§ About this task:
Copy the listing verbatim, excluding any images found in it.

---------- Records shown ----------

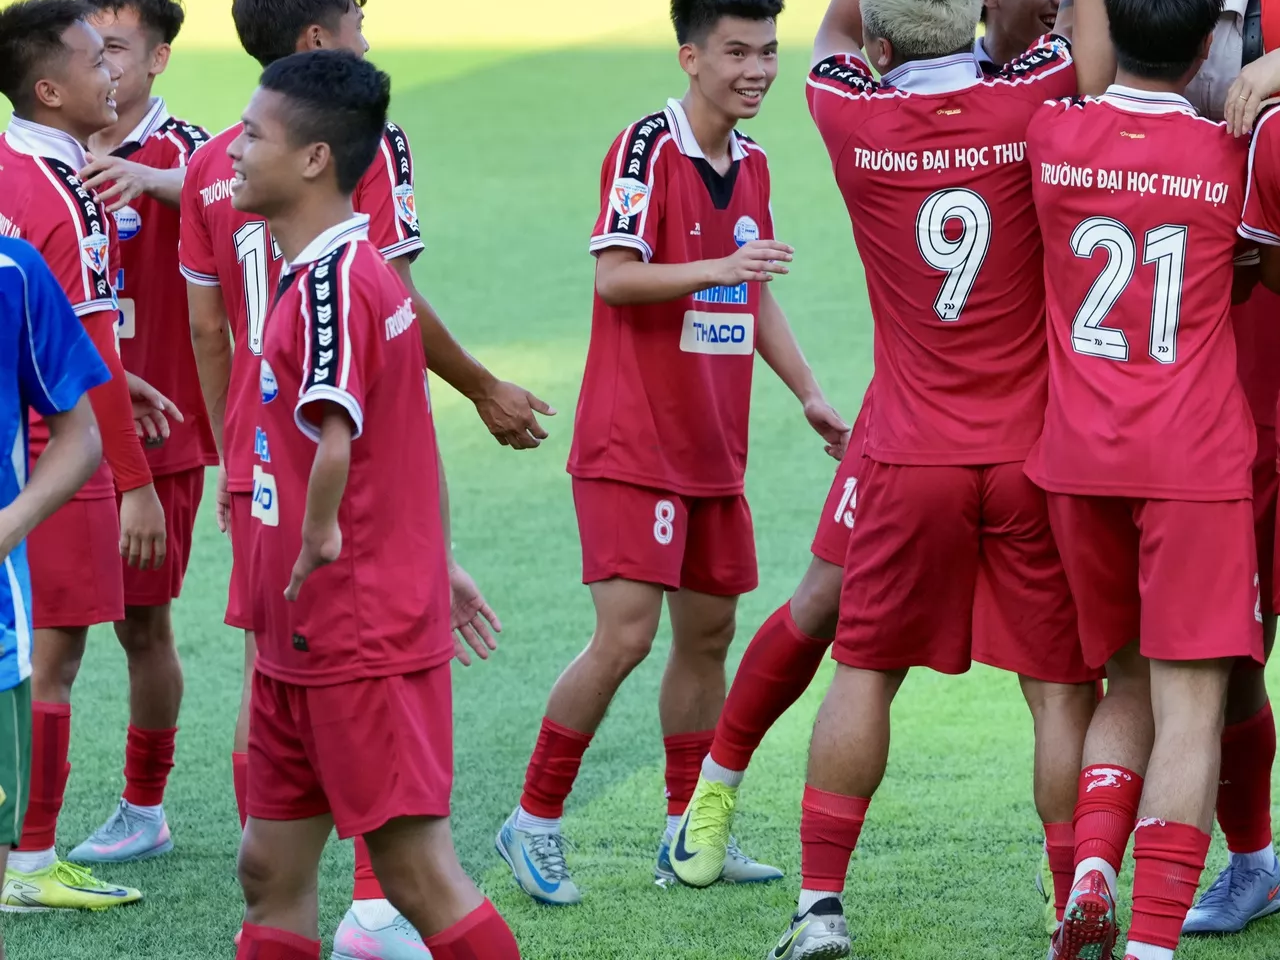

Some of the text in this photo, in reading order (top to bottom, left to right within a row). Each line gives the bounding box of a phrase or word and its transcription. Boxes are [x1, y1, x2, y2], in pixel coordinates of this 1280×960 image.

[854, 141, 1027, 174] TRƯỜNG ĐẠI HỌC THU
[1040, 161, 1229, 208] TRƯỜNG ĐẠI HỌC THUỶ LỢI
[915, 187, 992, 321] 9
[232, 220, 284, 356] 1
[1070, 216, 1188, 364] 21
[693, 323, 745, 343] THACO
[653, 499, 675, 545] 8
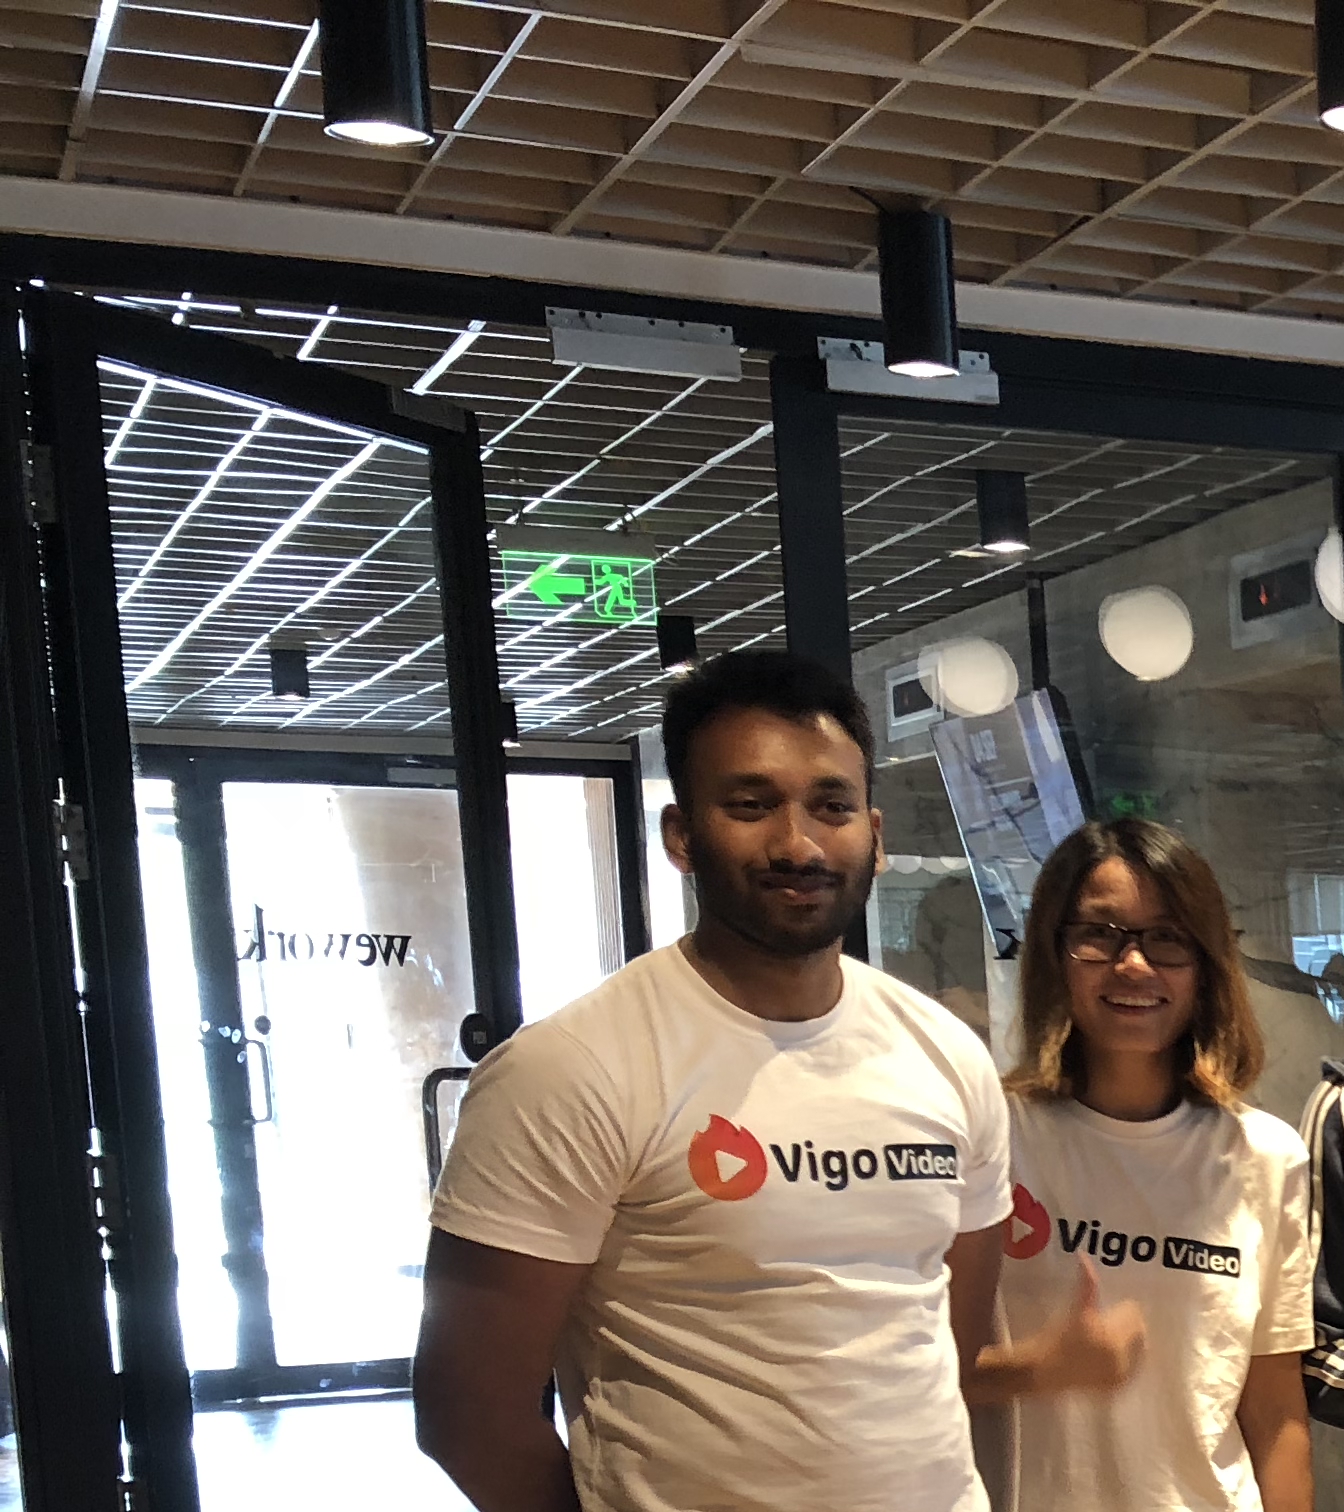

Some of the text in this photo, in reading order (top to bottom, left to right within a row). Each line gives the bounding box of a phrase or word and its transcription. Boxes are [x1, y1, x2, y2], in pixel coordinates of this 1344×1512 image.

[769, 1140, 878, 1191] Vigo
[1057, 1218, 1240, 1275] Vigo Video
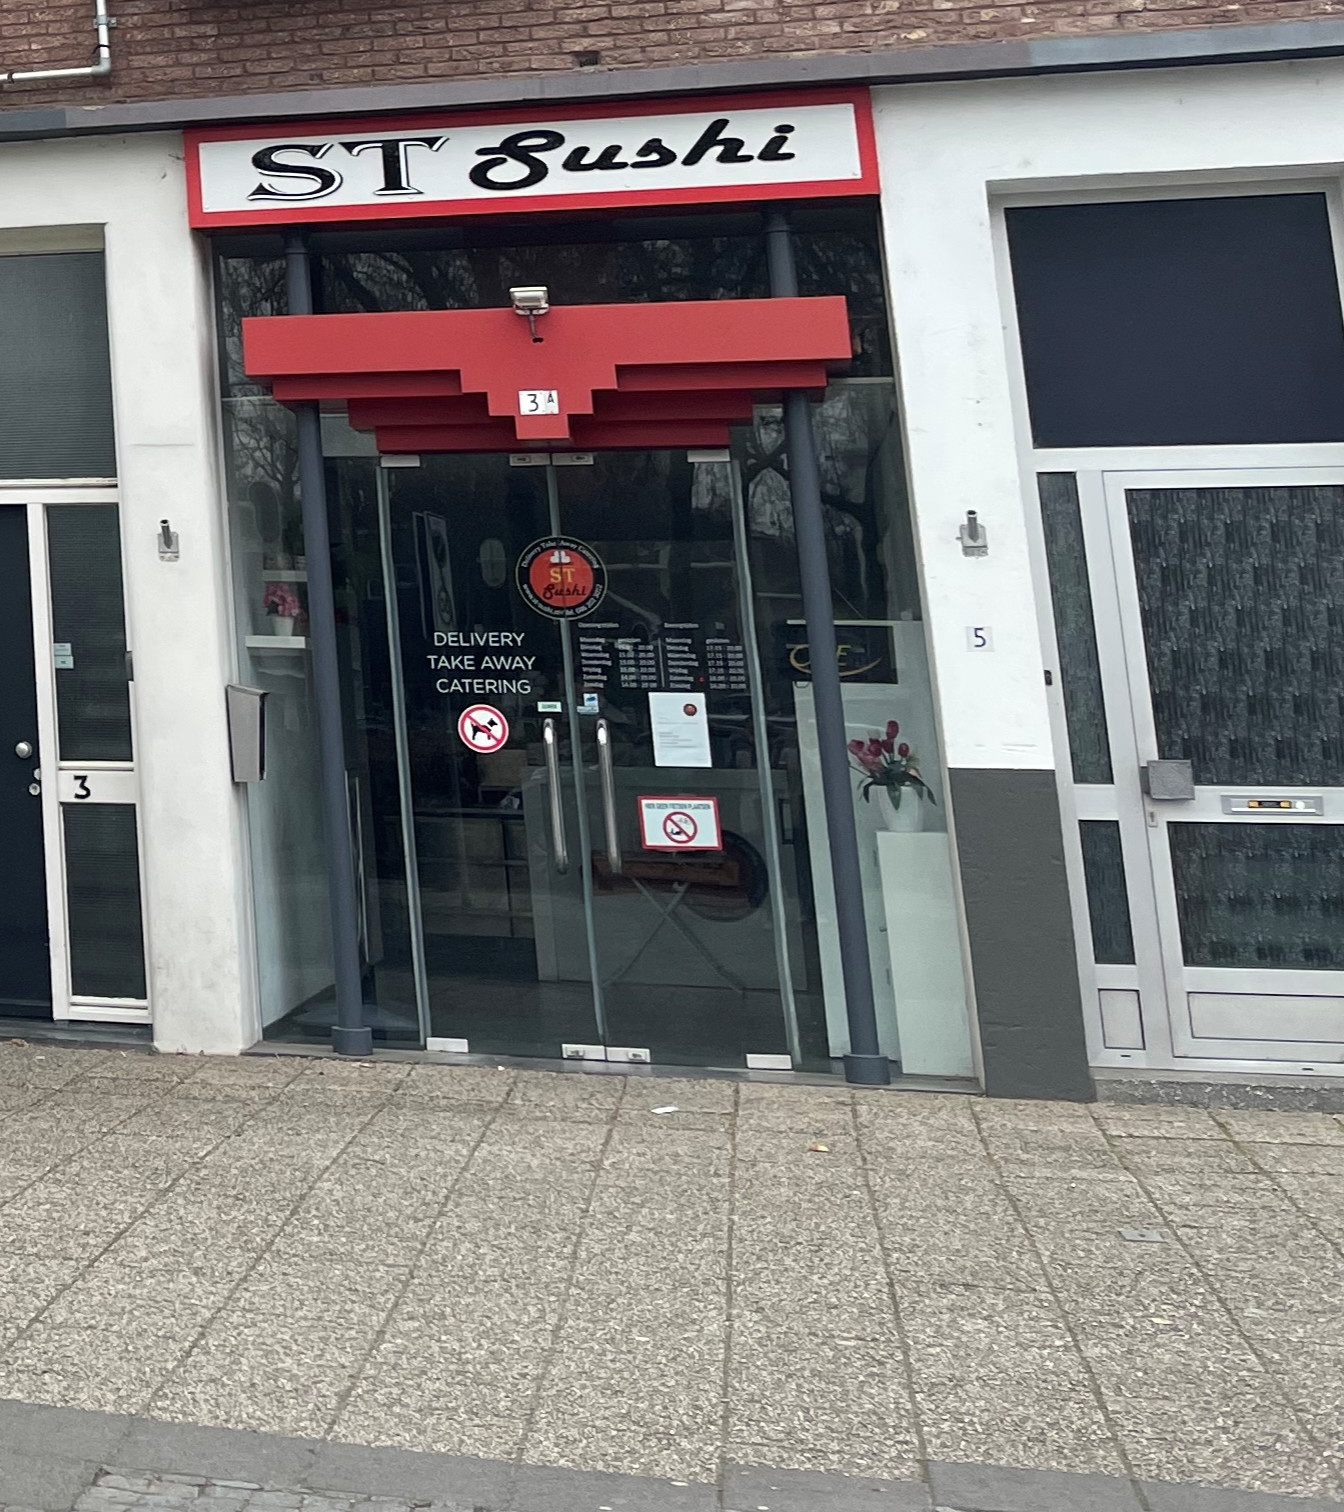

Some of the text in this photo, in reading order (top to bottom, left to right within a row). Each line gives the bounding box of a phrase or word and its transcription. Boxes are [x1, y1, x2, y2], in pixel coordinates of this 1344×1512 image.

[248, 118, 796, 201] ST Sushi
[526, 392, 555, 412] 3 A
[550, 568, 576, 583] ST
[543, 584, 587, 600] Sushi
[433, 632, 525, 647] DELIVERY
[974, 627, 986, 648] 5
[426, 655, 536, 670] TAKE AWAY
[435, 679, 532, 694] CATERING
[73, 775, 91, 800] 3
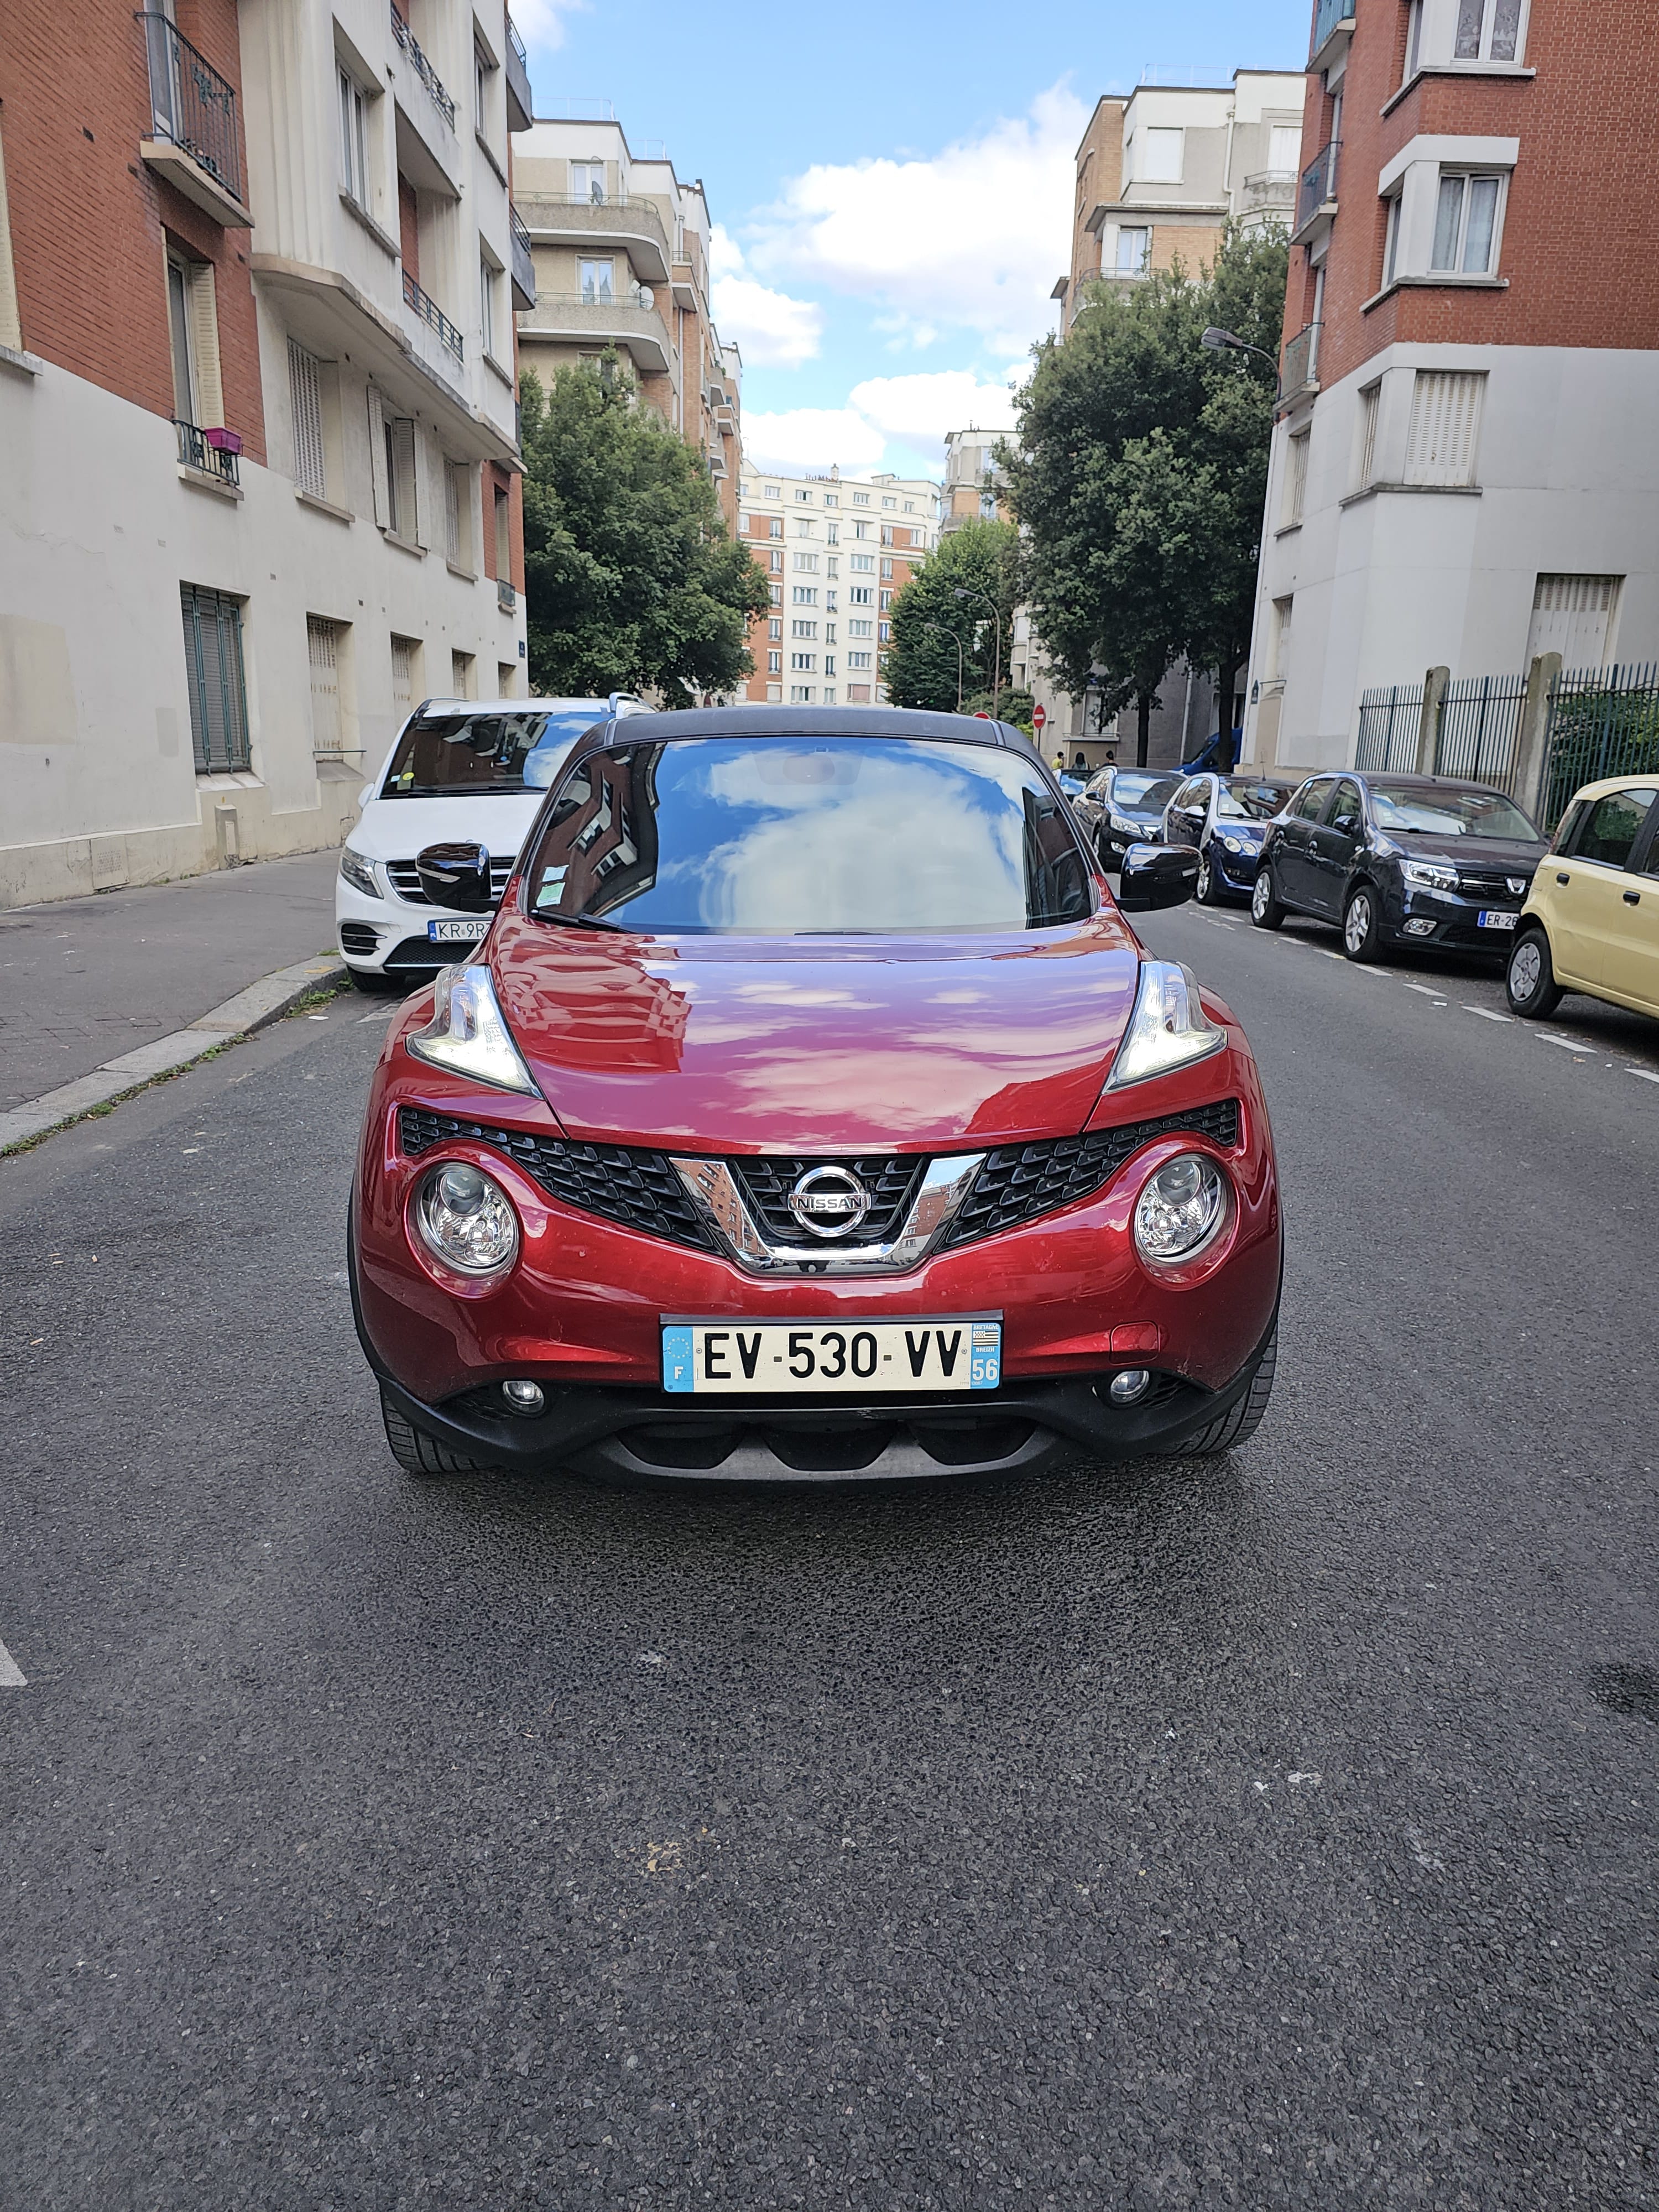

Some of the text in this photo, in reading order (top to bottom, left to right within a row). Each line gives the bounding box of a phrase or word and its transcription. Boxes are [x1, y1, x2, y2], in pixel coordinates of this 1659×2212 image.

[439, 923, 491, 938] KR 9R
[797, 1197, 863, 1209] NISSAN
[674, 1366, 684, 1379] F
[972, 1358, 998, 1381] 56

----------

§ Exercise result:
Some of the text in this photo, in reading order (top to bottom, left to right within a row). Each line gives the bounding box of a phrase or word and its transcription. Boxes are [x1, y1, x2, y2], in pixel coordinates of this 1280×960 image.

[854, 141, 1027, 174] TRƯỜNG ĐẠI HỌC THU
[1040, 161, 1229, 208] TRƯỜNG ĐẠI HỌC THUỶ LỢI
[915, 187, 992, 321] 9
[232, 220, 284, 356] 1
[1070, 216, 1188, 364] 21
[693, 323, 745, 343] THACO
[653, 499, 675, 545] 8

Some of the text in this photo, in reading order (top to bottom, left to right within a row). Each line gives the bounding box of a phrase or word and its transcription. Boxes are [x1, y1, x2, y2], in pixel coordinates of this 1344×1512 image.

[769, 1140, 878, 1191] Vigo
[1057, 1218, 1240, 1275] Vigo Video

Some of the text in this photo, in reading order (top to bottom, left to right within a row). Each line gives the bounding box of a phrase or word and its transcription. Boxes are [x1, y1, x2, y2], in pixel coordinates of this 1344×1512 image.

[248, 118, 796, 201] ST Sushi
[526, 392, 555, 412] 3 A
[550, 568, 576, 583] ST
[543, 584, 587, 600] Sushi
[433, 632, 525, 647] DELIVERY
[974, 627, 986, 648] 5
[426, 655, 536, 670] TAKE AWAY
[435, 679, 532, 694] CATERING
[73, 775, 91, 800] 3

Some of the text in this photo, in reading order (top to bottom, left to right within a row). Each line gives the bounding box of a phrase or word and its transcription. Boxes are [x1, y1, x2, y2], in pixel coordinates of this 1659×2212 image.

[439, 923, 491, 938] KR 9R
[797, 1197, 863, 1209] NISSAN
[674, 1366, 684, 1379] F
[972, 1358, 998, 1381] 56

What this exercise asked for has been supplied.